No one denies the wide distribution and importance of these languages in ancient times, but there is serious doubt that they may be united into a single stock comparable to Semitic, Hamitic, Indo-European, etc. It is more likely that this grouping includes a number of independent families, but at present it is too early to say what these may be; especially since most of them are extinct and will never, in all likelihood, be resuscitated. At any rate, it is probable that some of the seafarers of the Late Neolithic and of the Bronze Age who migrated westward along the Mediterranean to Italy, the Italian islands, and Spain, and thence to Britain, France, and Scandinavia, spoke languages derived from the eastern Mediterranean. It is furthermore possible that modern Basque may be the only survivor of this linguistic migration; but this suggested relationship, referred to in the preceding chapter, must by no means be accepted as a certainty.
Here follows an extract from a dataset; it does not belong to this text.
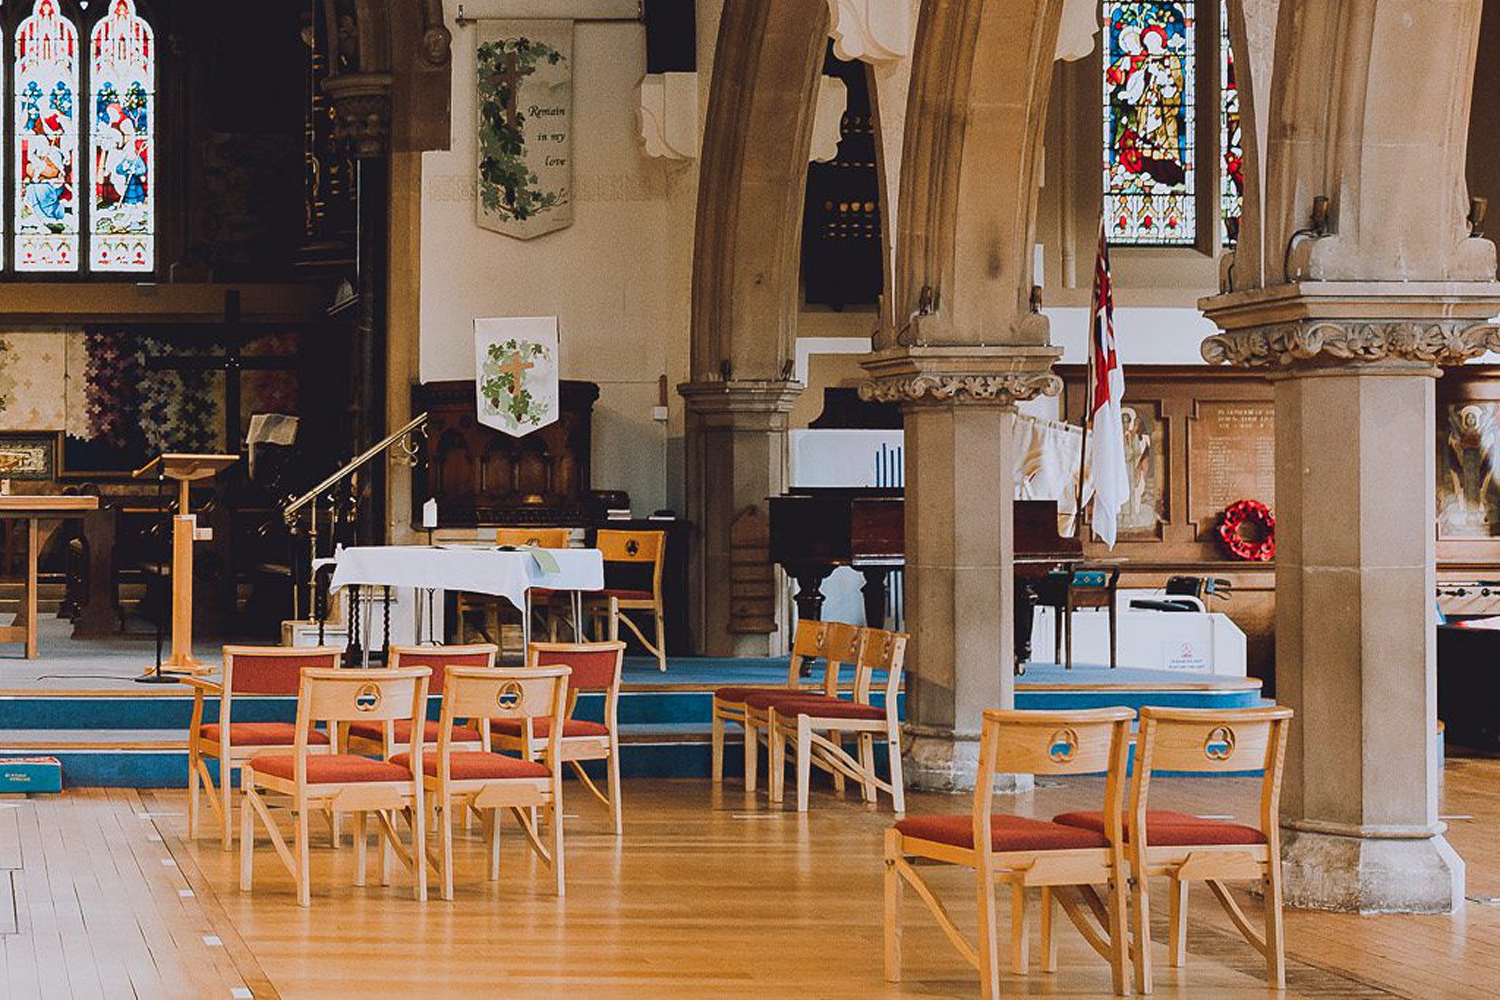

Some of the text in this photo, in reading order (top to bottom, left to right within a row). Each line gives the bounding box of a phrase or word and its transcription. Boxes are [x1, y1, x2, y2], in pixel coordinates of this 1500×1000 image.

MAP 4: Iron Age Races of Europe, before Huns and Turks
We do not know the languages of the Early Neolithic swineherds who introduced a food-producing economy to Spain and western Europe, including the lake shores of Switzerland, and we are not likely to find out. We do not, furthermore, know what medium the Danubians who performed the same pioneering function in another quarter used. The speech of the Corded people is equally unknown, and the old idioms of the Palaeolithic survivors in the far north, of the midden dwellers of Denmark, and of the Azilian survivors in Switzerland, are far past reconstruction. In Europe we must start as late as the Iron Age in our attempt to allocate languages to cultural or racial groups.